TURKTİME: Bu adamların olmaması hem iş hem de ücret bakımından mesleğin adeta amelesi olarak görülen muhabirlerin durumlarını eşitlemek için bir an önce köşe kapmaya çalışmasından kaynaklanmıyor mu?
ARDAN ZENTÜRK: Evet, maalesef öyle. Herkes köşeye geçmek istiyor. Sistemin yeniden düzenlenmesi gerekiyor. Bu meslekte dünyada iyi muhabirler editörlerden iyi para kazanırlar. Bir de bu sistemin oturtulması gerekiyor. Editör sonuç itibariyle teknik bir iş yapan, alanda değil, tamamen arkada muhabirden yada kameramandan gelen malzemeyi değerlendiren adam. Alsın çok maaşını, bunda bir şey yok. Ama iyi muhabir, dünyanın her yerinde bağlı olduğu editörden bile yüksek maaş alabilen kişidir. Biz bu sistemi yıktığımız için doğal olarak genç arkadaşlar 30’lu yaşlara geldikleri an kendilerini bir an önce bir masaya atmak ve genel yayın müdürlerinin biraz da yakınında bir yere oturarak yılbaşı geldiği zaman şu zam meselesini bir daha konuşalım deme şansını yakalamaya çalıyorlar.
“BU DÖNEMİN AKILLI GAZETECİLERİ MASADA DEĞİL ALANDA YER KAPMAYA ÇALIŞIRLAR”
TURKTİME: Siz kurumunuzda bu yönde bir düzenlemeye gidiyor musunuz?

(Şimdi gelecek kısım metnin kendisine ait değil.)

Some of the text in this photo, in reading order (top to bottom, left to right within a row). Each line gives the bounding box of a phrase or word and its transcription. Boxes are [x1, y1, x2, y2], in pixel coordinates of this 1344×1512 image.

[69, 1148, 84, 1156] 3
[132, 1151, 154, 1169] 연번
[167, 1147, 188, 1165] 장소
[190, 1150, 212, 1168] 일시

ARDAN ZENTÜRK: Ben zaten bunun düzenlenmesi için alana inmiş bir adamım. Burada en güzel günlerimi geçiriyorum. Çünkü burada çalışan insanlar, genel yayın müdürü dahil, hepsi bana abi diyor. Ben bu kanalın abisiyim. Bu esası genel yayın müdürlüğünden daha çok önemsiyorum. Ama bunun bütün Türkiye’ye ve bütün yayın organlarına giderek oturtulması ve alanlarında uzman insanlarla çalışmamız gerekiyor. Bütün seçim kampanyası boyunca Anadolu’daydım. Oradan canlı yayınlar yaptık. Aynı şekilde gazetede köşe yazarlığı dışlında son 18 ayda en çok manşete çıkan yazarlardan biriyim. Çünkü muhabirlik yapıyorum, yazarlık yapmıyorum esas olarak. Mesela eğer Başbakan Afyon’daysa ve ondan bir cümle alınması gerekiyorsa üşenmiyorum Afyon’a gidiyorum sorumu soruyorum, cevabımı alıyorum ve yazımı yazıyorum. Böyle bir yazarlık böyle bir gazetecilik bana keyif veriyor.

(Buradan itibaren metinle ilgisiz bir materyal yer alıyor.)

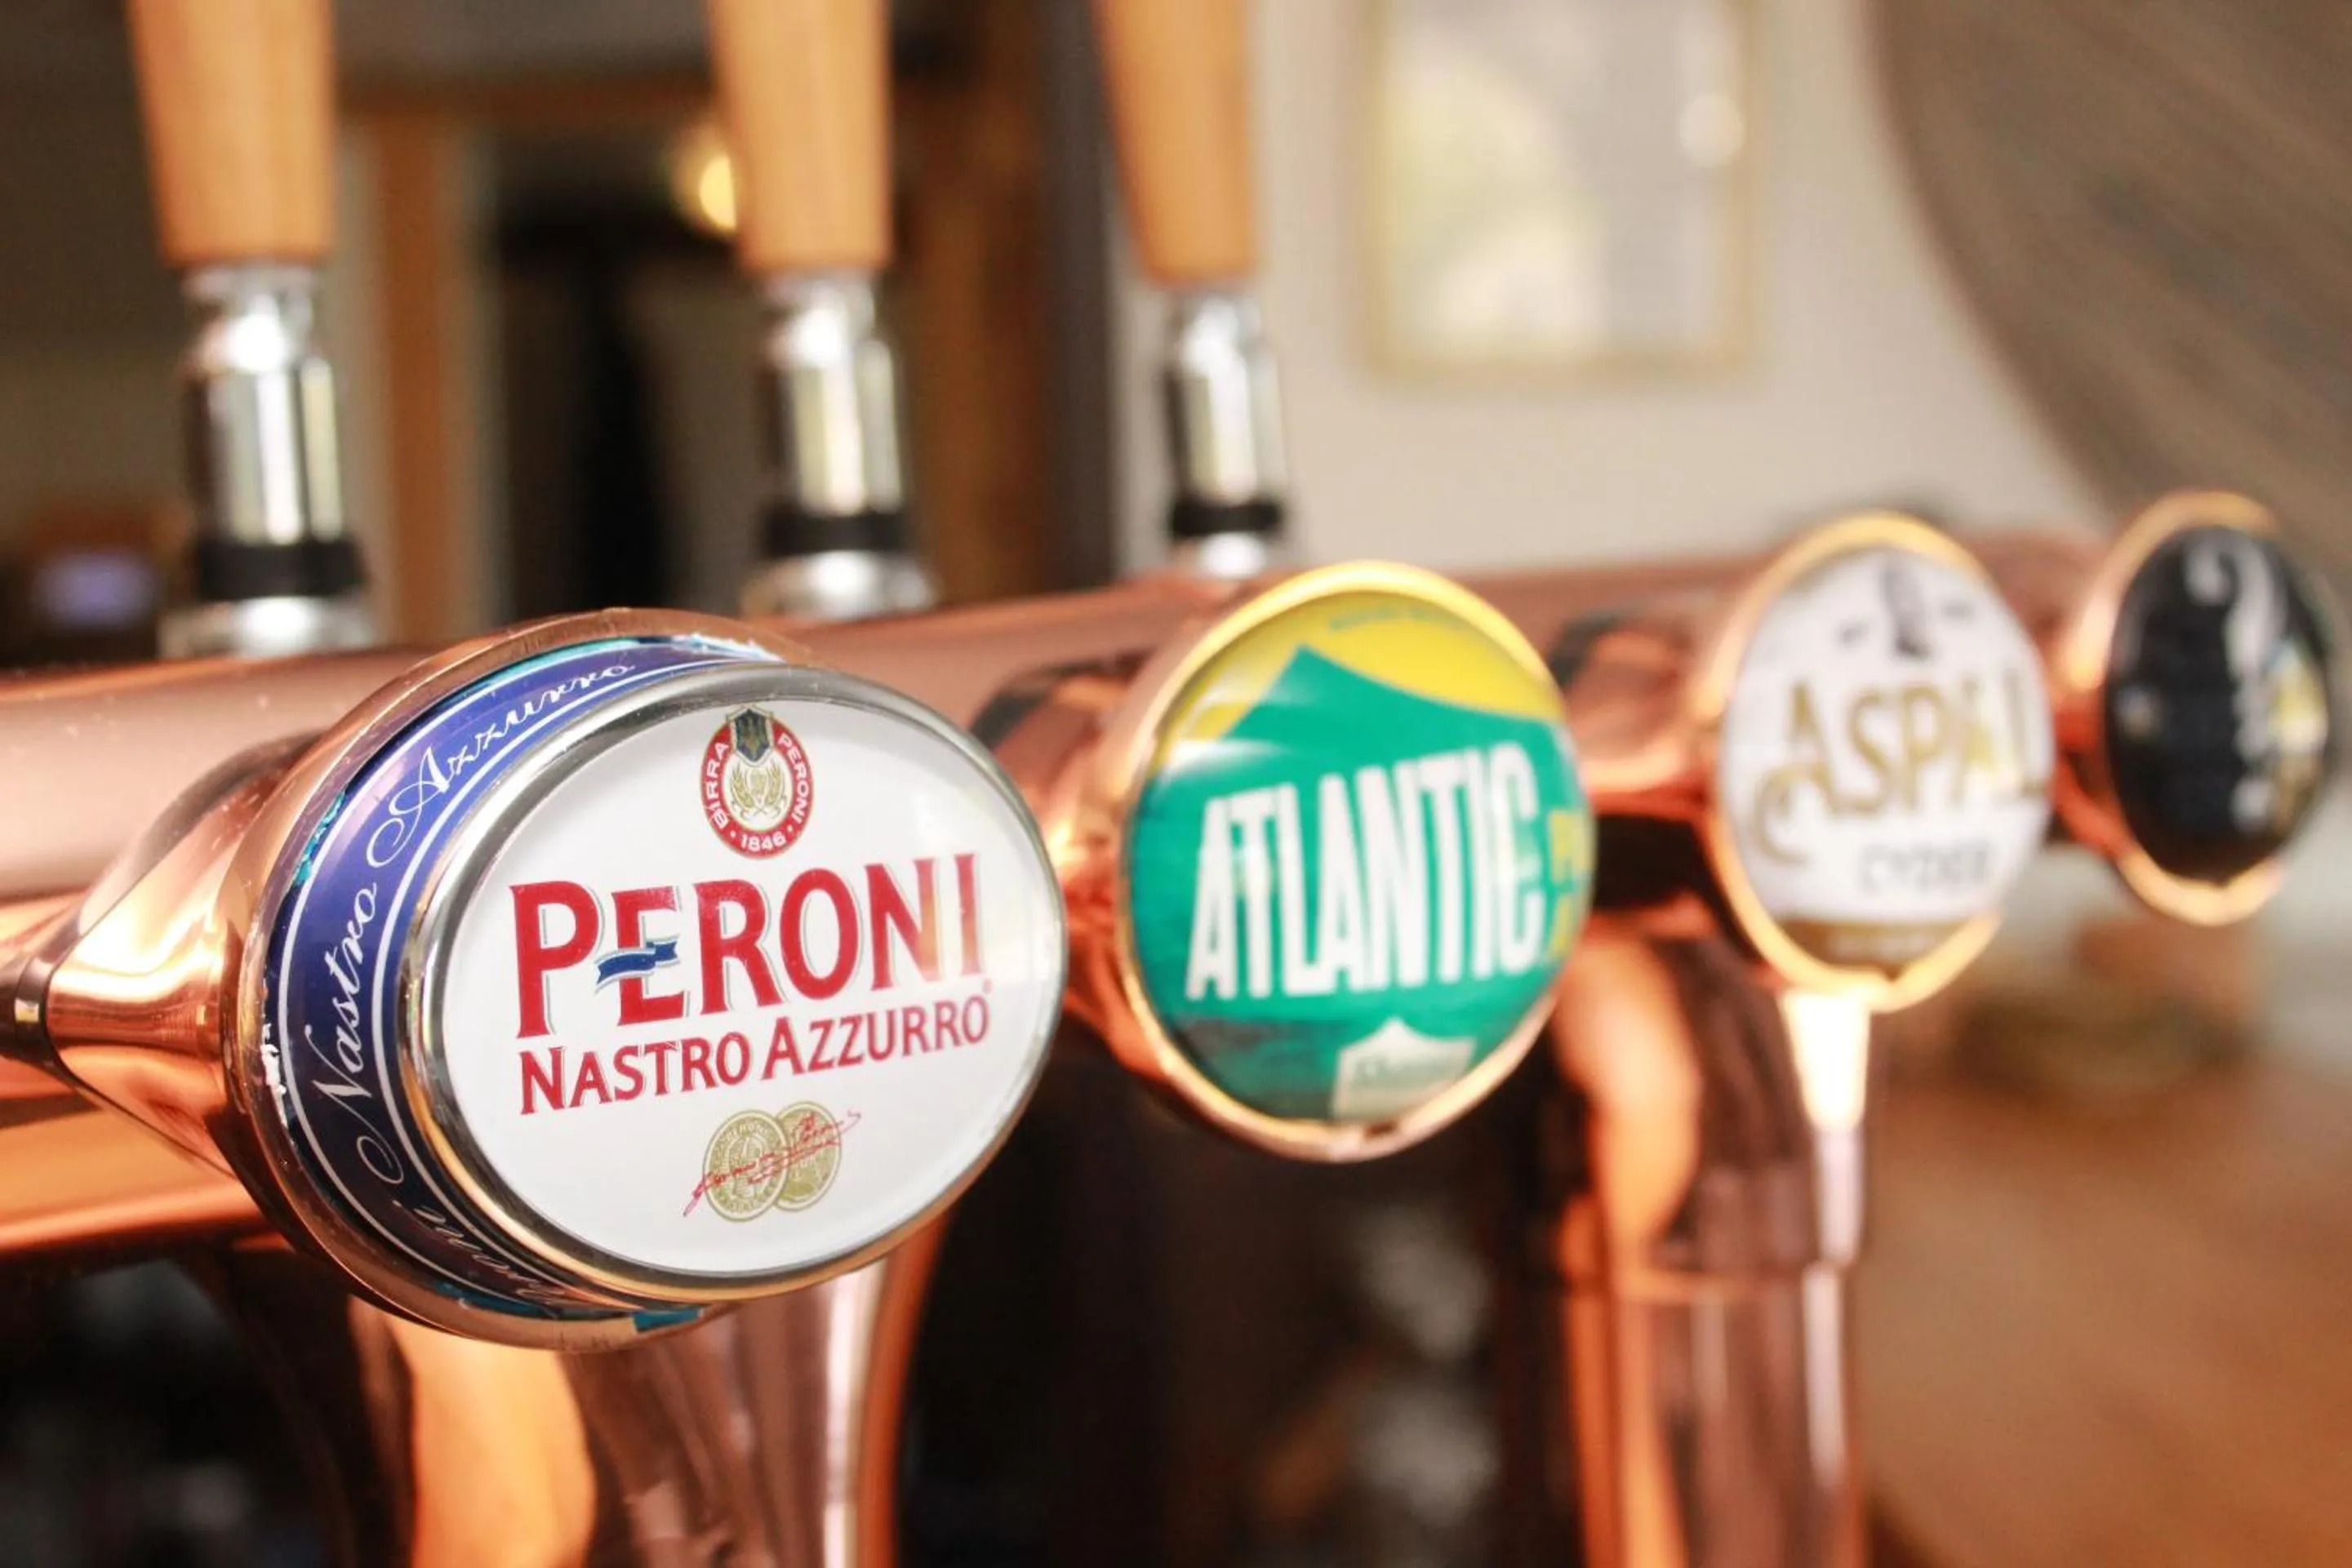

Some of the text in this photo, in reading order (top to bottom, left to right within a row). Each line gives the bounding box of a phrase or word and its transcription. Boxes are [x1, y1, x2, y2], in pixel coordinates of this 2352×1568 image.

[705, 732, 810, 829] BIRRA PERONI
[740, 831, 787, 852] 1846
[305, 664, 636, 1184] Nastro Azzurro
[509, 853, 983, 1039] PERONI
[1185, 741, 1548, 1001] ATLANTIC
[519, 993, 990, 1115] NASTRO AZZURRO

TURKTİME: Bizde bu sistem oturabilir mi?
ARDAN ZENTÜRK: Evet, oturur. Mesela Yavuz Donat. Bunun güzel örneklerinden biridir. Yada Habertürk’ü sırtına alıp taşıyan Taki Doğan. Yine iyi bir örnektir. Bence bu dönemin akıllı gazetecileri alanda yer kapmaya çalışırlar, masada değil. Bugünün genç gazetecileri için gelecek masalarda değil alanlarda. İnternet yayınları dahil bütün herkesin ihtiyaç duyacağı adam tipi alandan doğru bilgiyi zamanında aktaran insan tipi olacak.
TURKTİME: Mesela uzun zamandır Ankara Temsilciliği yapan isimler görünmez oldular ama yeni dönem Ankara temsilcileri köşelerini birebir alandan aldıkları bilgilerle yazıyorlar ve onların yazıları gündemi belirliyor. Bu da belirttiğiniz yönelişin bir göstergesi olarak okunabilir mi?

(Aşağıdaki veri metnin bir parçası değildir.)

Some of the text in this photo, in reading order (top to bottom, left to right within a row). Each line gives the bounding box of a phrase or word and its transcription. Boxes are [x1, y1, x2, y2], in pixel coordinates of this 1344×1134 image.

ARDAN ZENTÜRK: Tabii ki. Bu arkadaşlarımız da meseleyi çok doğru teşhis ettiler. Onlar da esasında olgunluk çağlarını yaşıyorlar, hepsi kırklı yaşlarında ama alandan ayrılmıyorlar. Bence çok doğru bir şey yapıyorlar ve ilerisi için de çok büyük mesleki yatırım yapıyorlar. Artık birkaç internet haberine bakıp yorun yapan gazeteci tipolojisi bu meslekten silinecek. Bir de ben farklıyım, marjinal yorum yaparım diyenler de silinecek. Bu meslek gazetecilere kalacak. Bunu patronlar da durduramaz, lobi şefleri de. Bu meslek alanda aslanlar gibi risk alarak, karda kışta koşturarak işini yapan insanlara kalacak. Bunu herkes böyle bilsin. Çünkü başka türlü ne gazeteler okunur, ne de televizyonlar seyredilir. Masa başından bam güm efektleriyle süslenmiş haberleri şimdi kaç kişi seyrediyor? Belki bundan beş yıl önce herkes onları seyrediyordu. Her şeyin bir sonu var. Normaline geliyor iş.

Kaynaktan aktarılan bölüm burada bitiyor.